Top of Materials provided
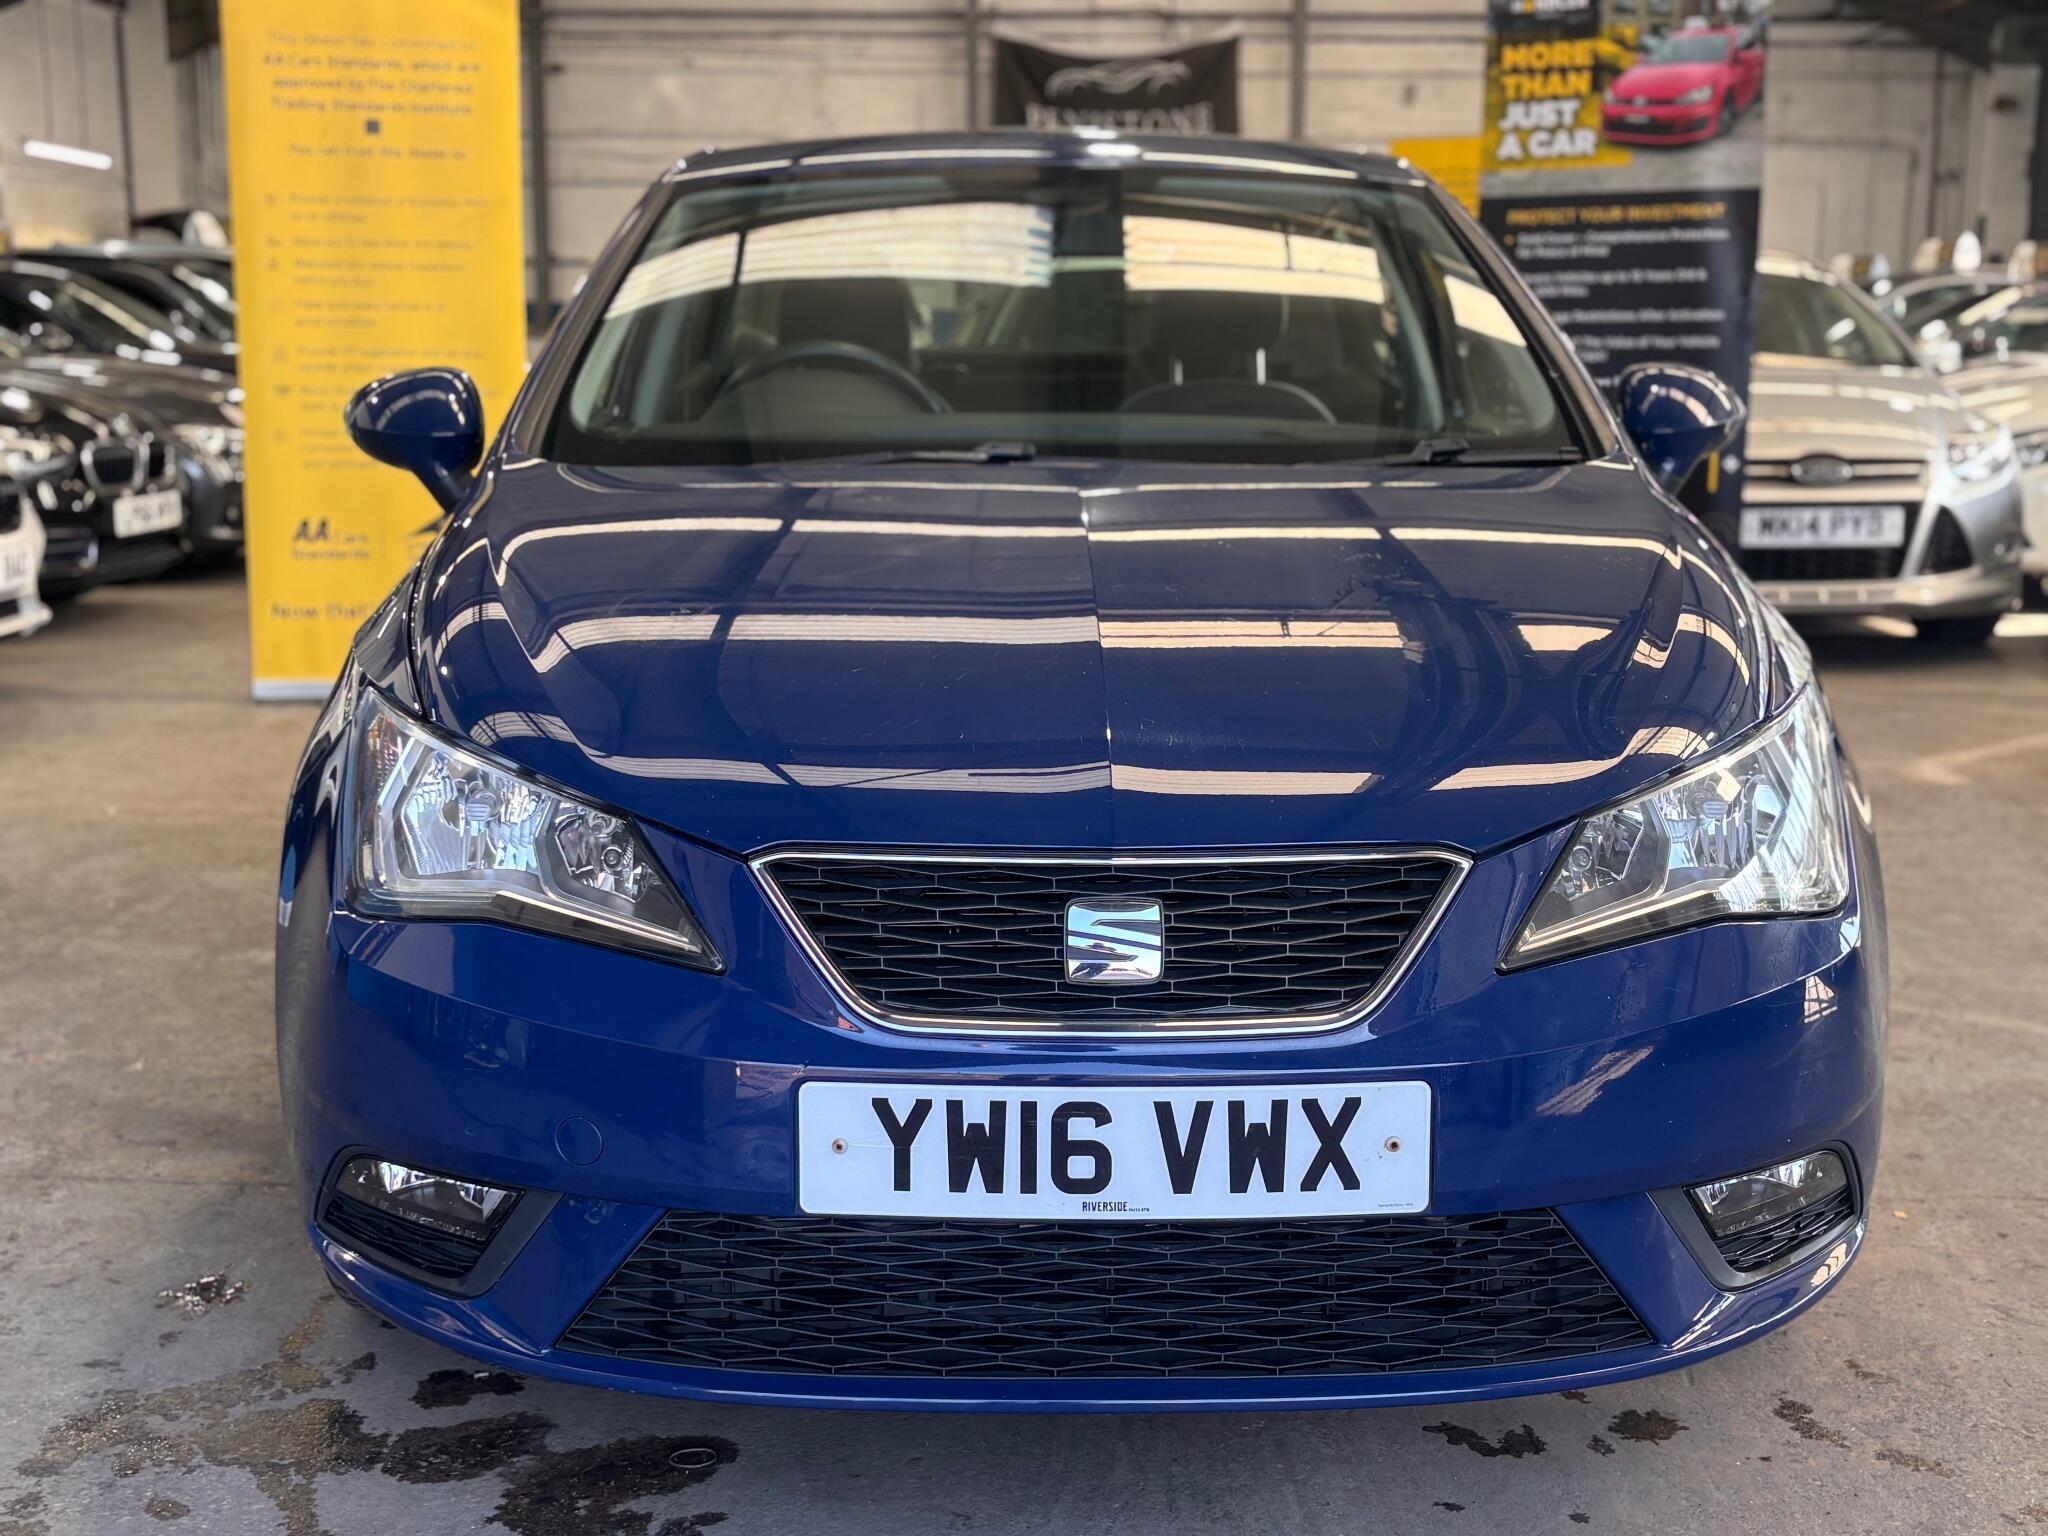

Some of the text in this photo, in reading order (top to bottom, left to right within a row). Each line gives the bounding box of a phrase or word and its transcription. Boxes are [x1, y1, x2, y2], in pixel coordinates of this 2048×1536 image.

[1502, 40, 1594, 69] MORE
[1502, 70, 1592, 98] THAN
[1499, 99, 1580, 129] JUST
[1497, 128, 1598, 160] A CAR
[1506, 202, 1727, 226] PROTECT YOUR INVESTMENT
[293, 516, 330, 543] AA
[871, 1096, 1362, 1195] YW16 VWX
[1082, 1201, 1128, 1212] RIVERSIDE
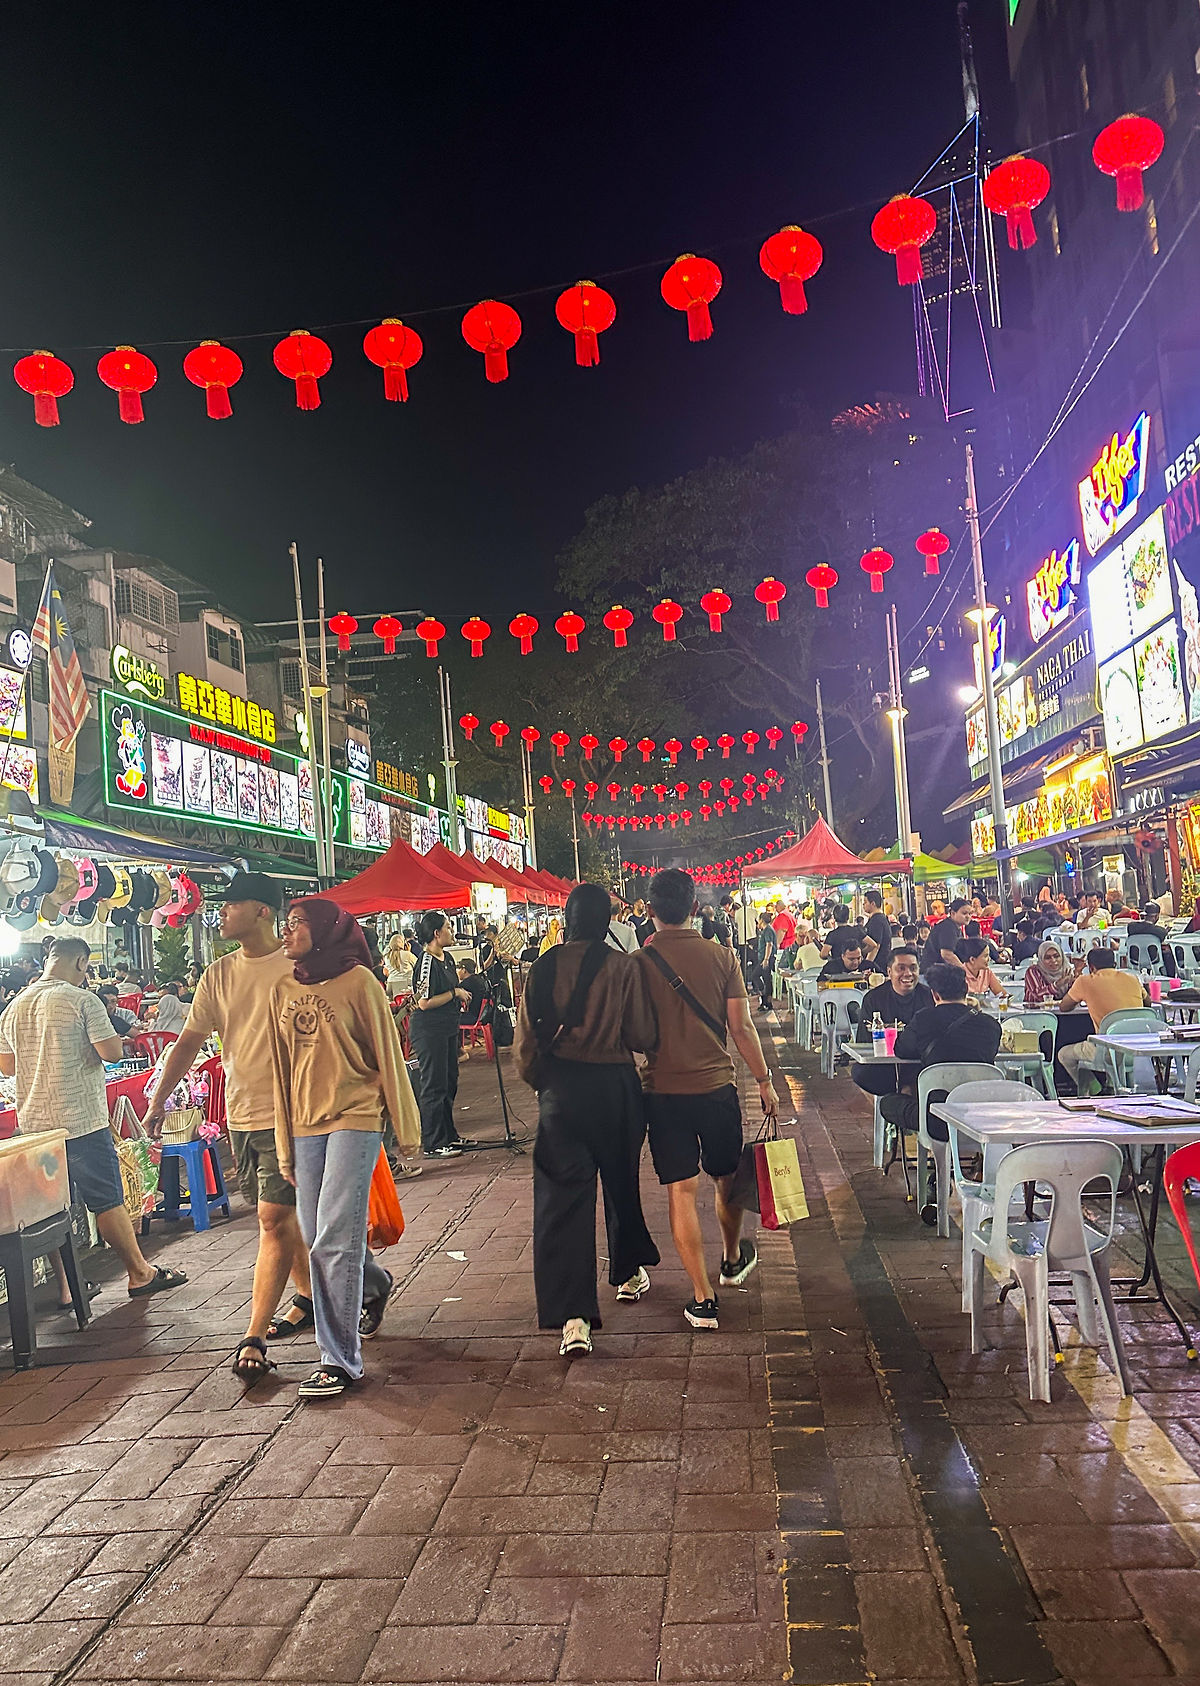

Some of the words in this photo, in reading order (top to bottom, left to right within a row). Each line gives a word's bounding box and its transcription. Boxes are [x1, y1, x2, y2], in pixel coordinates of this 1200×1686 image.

[1092, 432, 1136, 505] Tiger
[1036, 549, 1068, 608] Tiger
[113, 644, 165, 697] Carlsberg
[1036, 652, 1063, 689] NAGA
[1062, 629, 1091, 670] THAI
[280, 994, 336, 1024] HAMPTONS
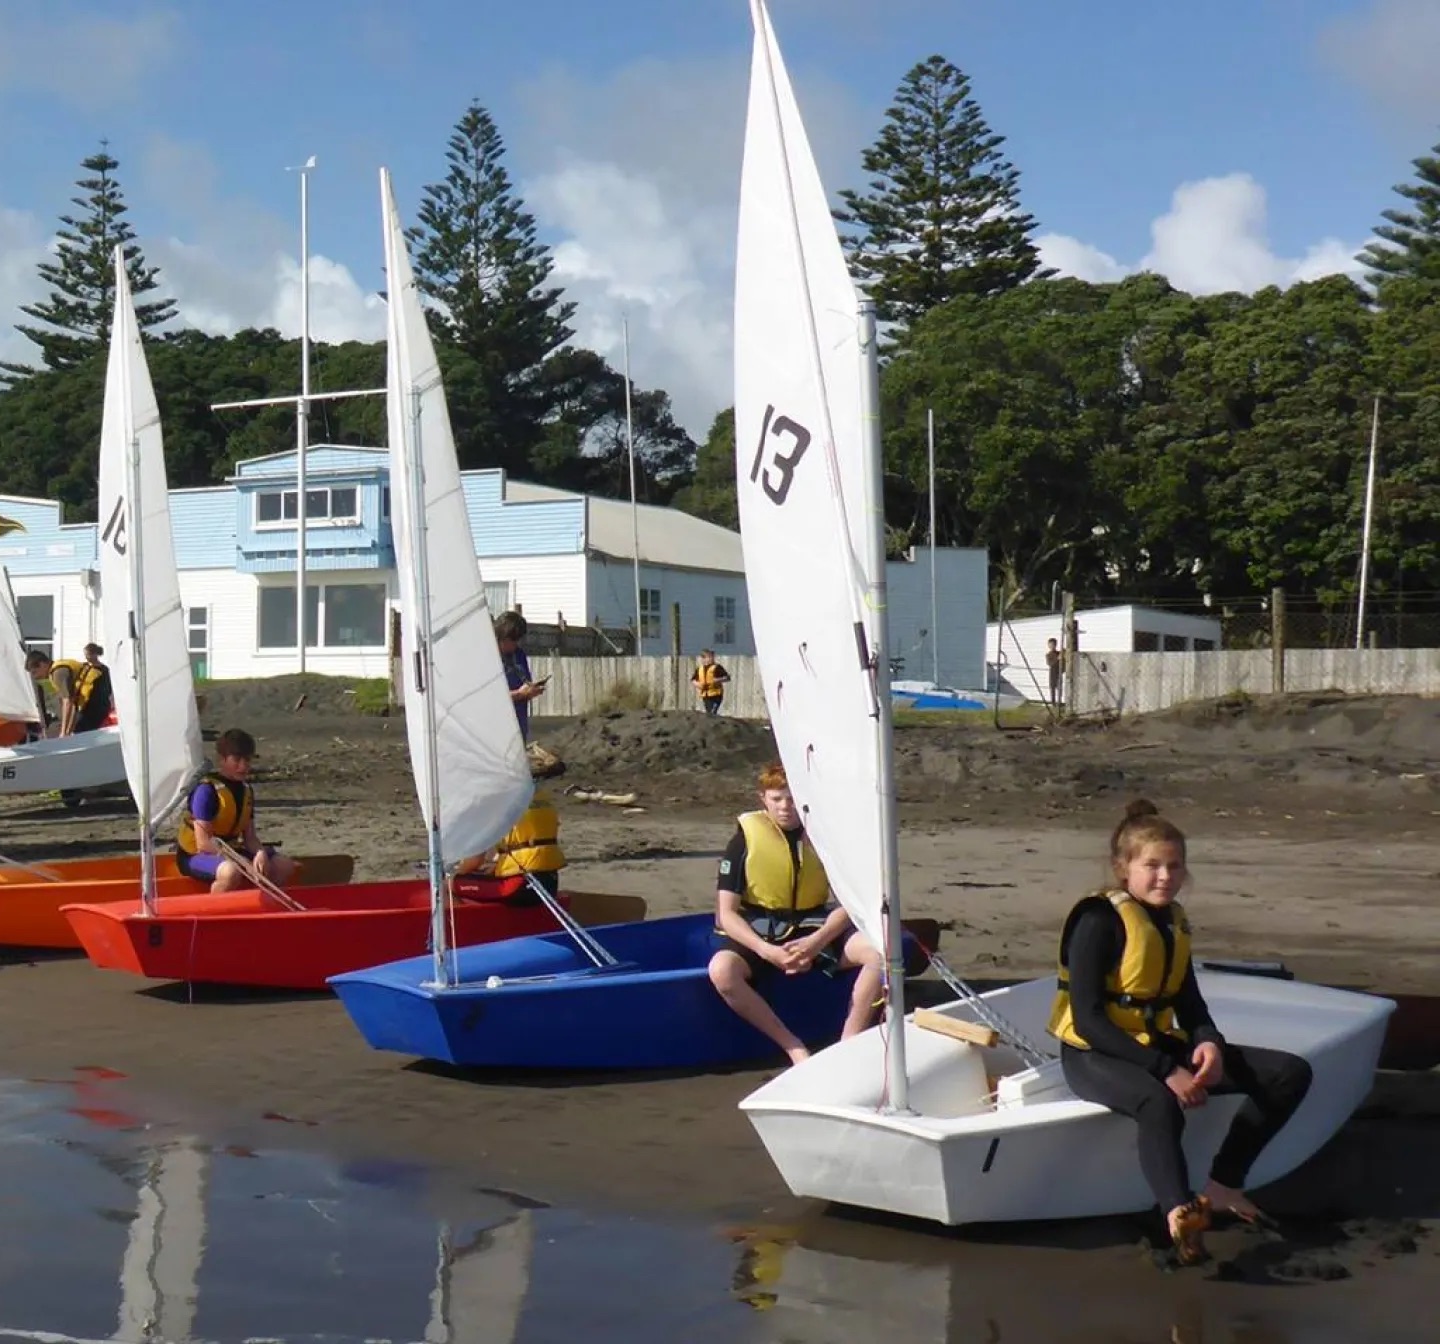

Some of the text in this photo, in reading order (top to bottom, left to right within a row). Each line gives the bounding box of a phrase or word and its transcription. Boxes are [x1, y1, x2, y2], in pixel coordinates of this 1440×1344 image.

[751, 404, 811, 506] 13
[2, 765, 17, 780] 16
[982, 1137, 1000, 1173] 1
Bottom of Materials provided
> _Exercise objective_
Transcribe only the lines from the one holding "Some of the words" through the last line of the listing above, inclusive, and do not include the pictures.

> _The completed task_
Some of the words in this photo, in reading order (top to bottom, left to right within a row). Each line gives a word's bounding box and its transcription. Boxes are [x1, y1, x2, y2], in pixel coordinates of this 1200×1686 image.

[1092, 432, 1136, 505] Tiger
[1036, 549, 1068, 608] Tiger
[113, 644, 165, 697] Carlsberg
[1036, 652, 1063, 689] NAGA
[1062, 629, 1091, 670] THAI
[280, 994, 336, 1024] HAMPTONS

Some of the text in this photo, in reading order (top to bottom, left to right within a row). Each line gives the bounding box of a phrase or word and its transcription. Boxes are [x1, y1, x2, y2], in pixel coordinates of this 1440×1344 image.

[751, 404, 811, 506] 13
[2, 765, 17, 780] 16
[982, 1137, 1000, 1173] 1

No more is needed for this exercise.